ASSIGNMENT
Make an exact copy of the records, and keep the pictures out of it.

EXCERPTED DATA
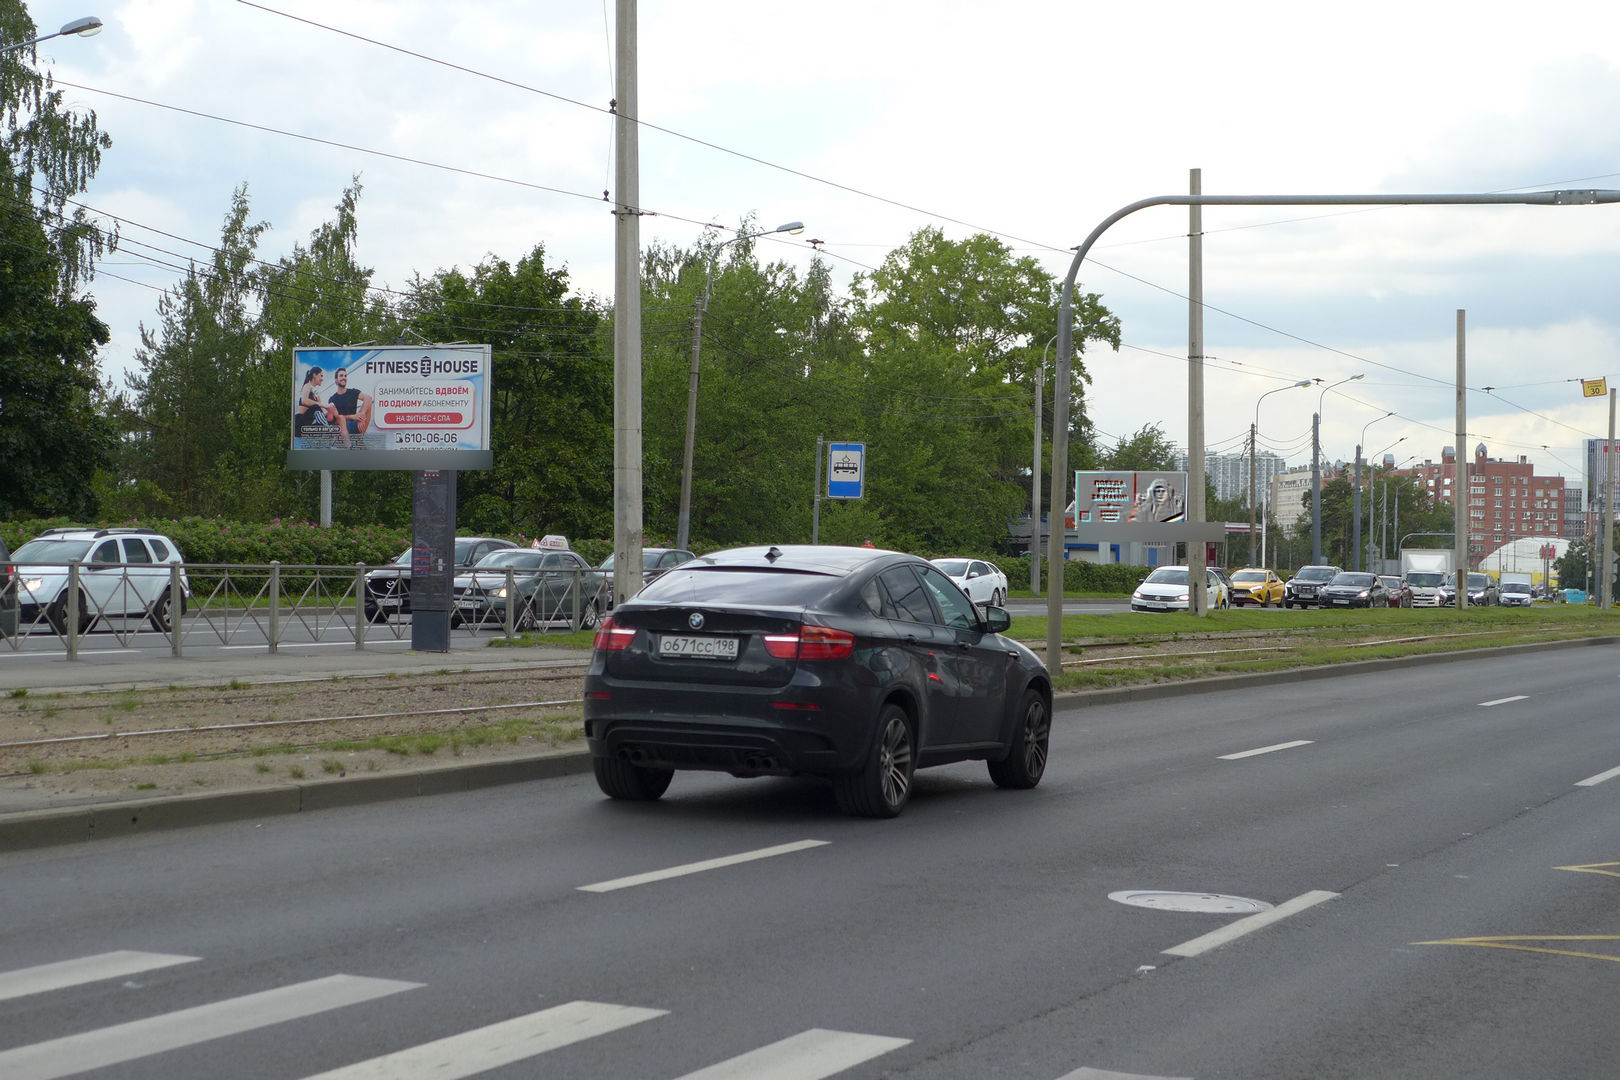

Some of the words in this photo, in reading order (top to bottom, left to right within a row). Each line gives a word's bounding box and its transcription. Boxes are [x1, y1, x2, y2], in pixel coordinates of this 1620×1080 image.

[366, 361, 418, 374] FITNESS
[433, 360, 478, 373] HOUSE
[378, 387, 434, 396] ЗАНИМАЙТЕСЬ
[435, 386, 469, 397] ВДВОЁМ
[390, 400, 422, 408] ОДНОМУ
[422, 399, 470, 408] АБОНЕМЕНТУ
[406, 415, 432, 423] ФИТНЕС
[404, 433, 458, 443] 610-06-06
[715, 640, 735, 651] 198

FINISHED EXERCISE
Some of the words in this photo, in reading order (top to bottom, left to right within a row). Each line gives a word's bounding box and its transcription. Boxes are [x1, y1, x2, y2], in pixel coordinates of this 1620×1080 image.

[366, 361, 418, 374] FITNESS
[433, 360, 478, 373] HOUSE
[378, 387, 434, 396] ЗАНИМАЙТЕСЬ
[435, 386, 469, 397] ВДВОЁМ
[390, 400, 422, 408] ОДНОМУ
[422, 399, 470, 408] АБОНЕМЕНТУ
[406, 415, 432, 423] ФИТНЕС
[404, 433, 458, 443] 610-06-06
[715, 640, 735, 651] 198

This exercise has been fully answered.